Fato comum em centros urbanos maiores, cada vez mais se proliferam vetores em cidades menores, com potencial para trazer riscos à saúde humana. Comumente encontradas por toda a zona urbana de Três de maio, o número elevado de pombas localizadas em alguns pontos, como na Praça da Bandeira, tem preocupado a população. Além da sujeira que esses animais produzem, eles podem ser vetores de doenças.

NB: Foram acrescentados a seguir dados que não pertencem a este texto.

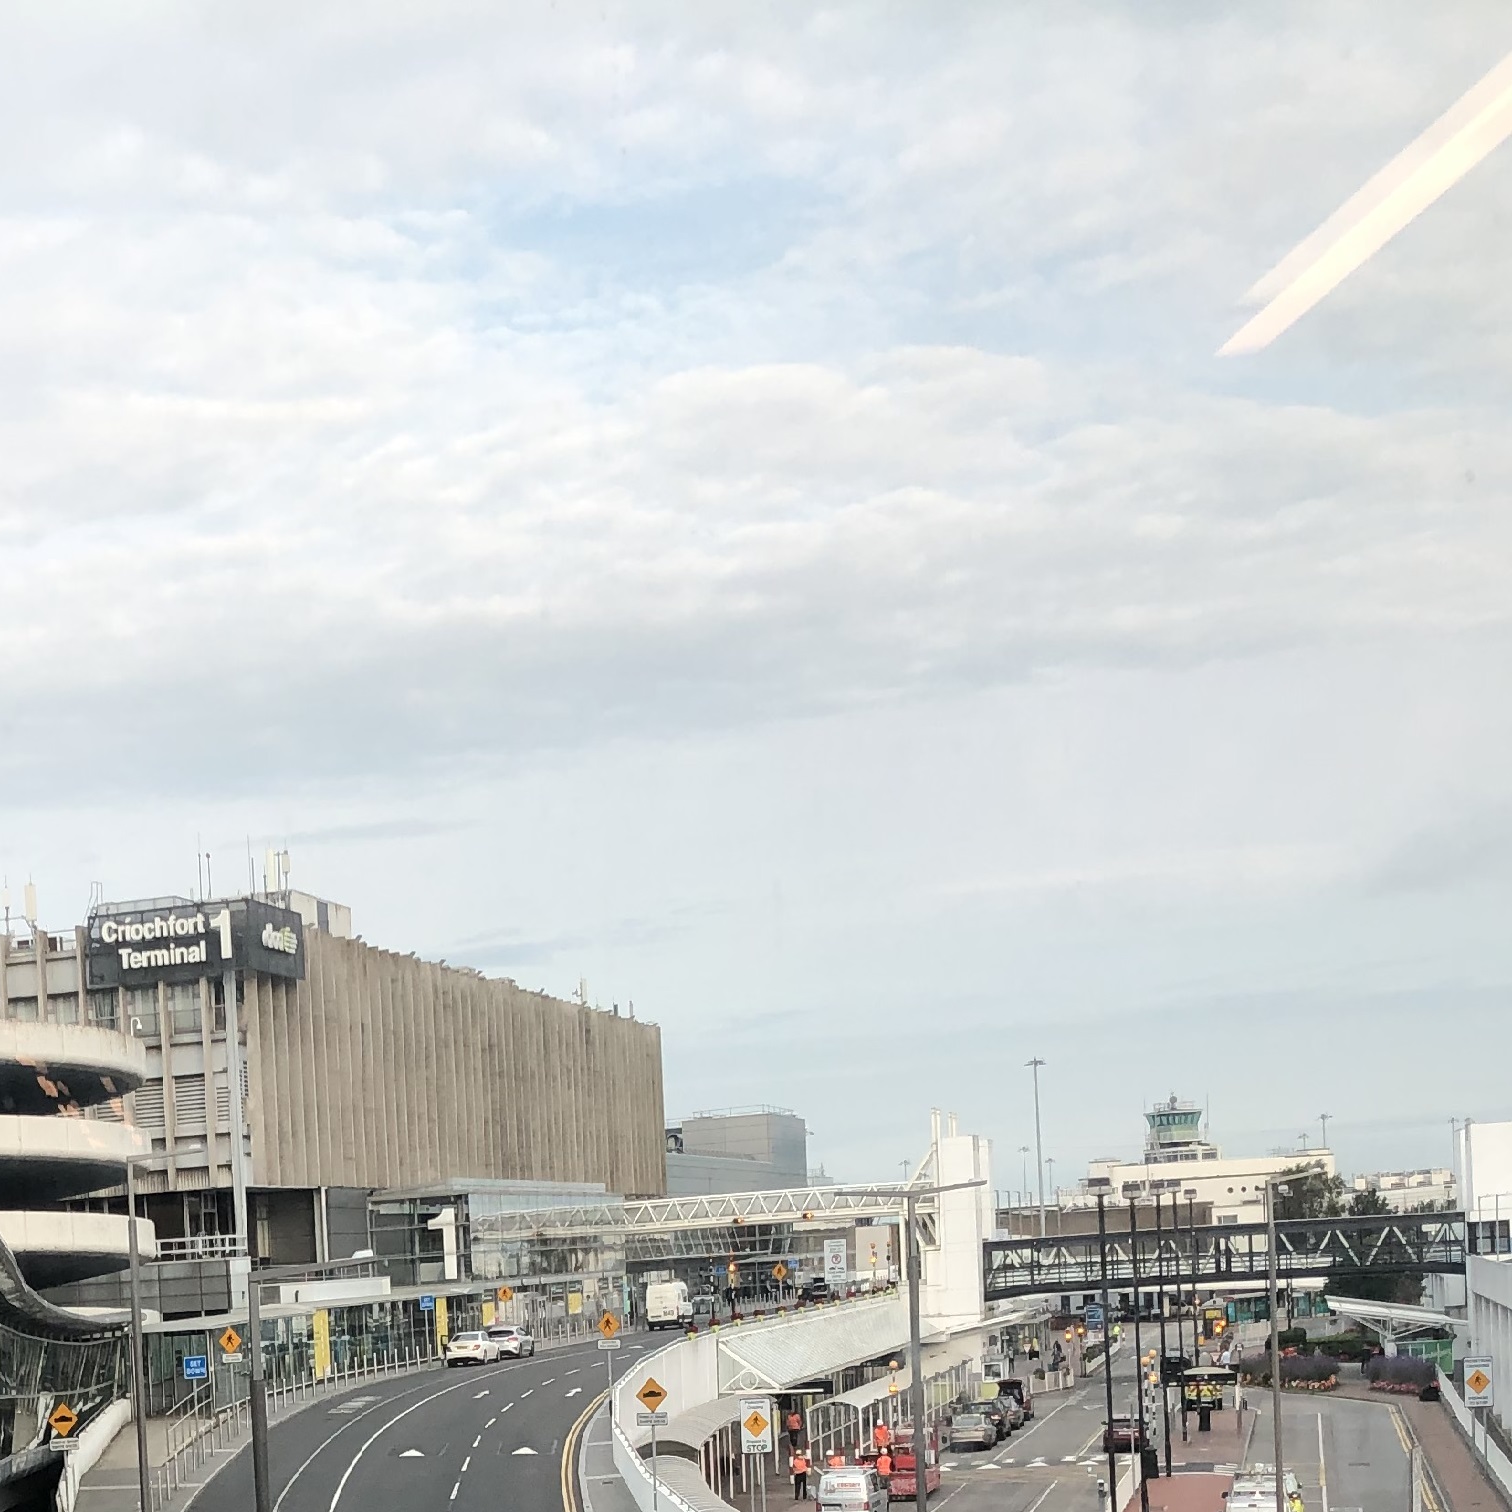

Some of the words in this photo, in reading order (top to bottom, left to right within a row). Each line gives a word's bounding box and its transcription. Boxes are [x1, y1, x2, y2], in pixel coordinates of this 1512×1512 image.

Com o assunto em pauta entre os moradores e principais meios de comunicação de nossa cidade (inclusive foi pauta da edição passada), e com diversas soluções apontadas, o jornal Semanal buscou informações com a bióloga e Mestre em Biodiversidade Animal na UFSM, especialista em aves, Eunice Menegat. Conforme ela, alguns fatores favorecem a proliferação da espécie em ambientes urbanos, podendo o crescimento descontrolado da população desses animais provocar gradativamente maiores transtornos. Por outro lado, ressalta que a fauna deve ser preservada e existem soluções para amenizar os problemas.

 

Por que as pombas são encontradas em ambientes urbanos?

Segundo a especialista, as pombas são animais sinantrópicos, isto é, se relacionam com os seres humanos e seu ambiente. Os pombos domésticos observados na cidade são principalmente da espécie Columba livia e se adaptaram ao ambiente urbano devido a um conjunto de fatores, dentre os quais: disponibilidade de abrigo, ausência de predadores e fartura de alimento.


“Esses animais procuram locais seguros para construção de ninhos e em ambientes urbanos encontram diversos espaços com condições, tais como prédios e monumentos, que contêm frestas e entradas que servem de abrigo. Nessas áreas, raramente são encontrados predadores naturais, como gaviões e águias, que não tem por hábito permanecerem em áreas urbanizadas. Por fim, existe grande disponibilidade de alimento, tanto pelo descarte errado de resíduos, quanto pela alimentação oferecida por pessoas”, explica.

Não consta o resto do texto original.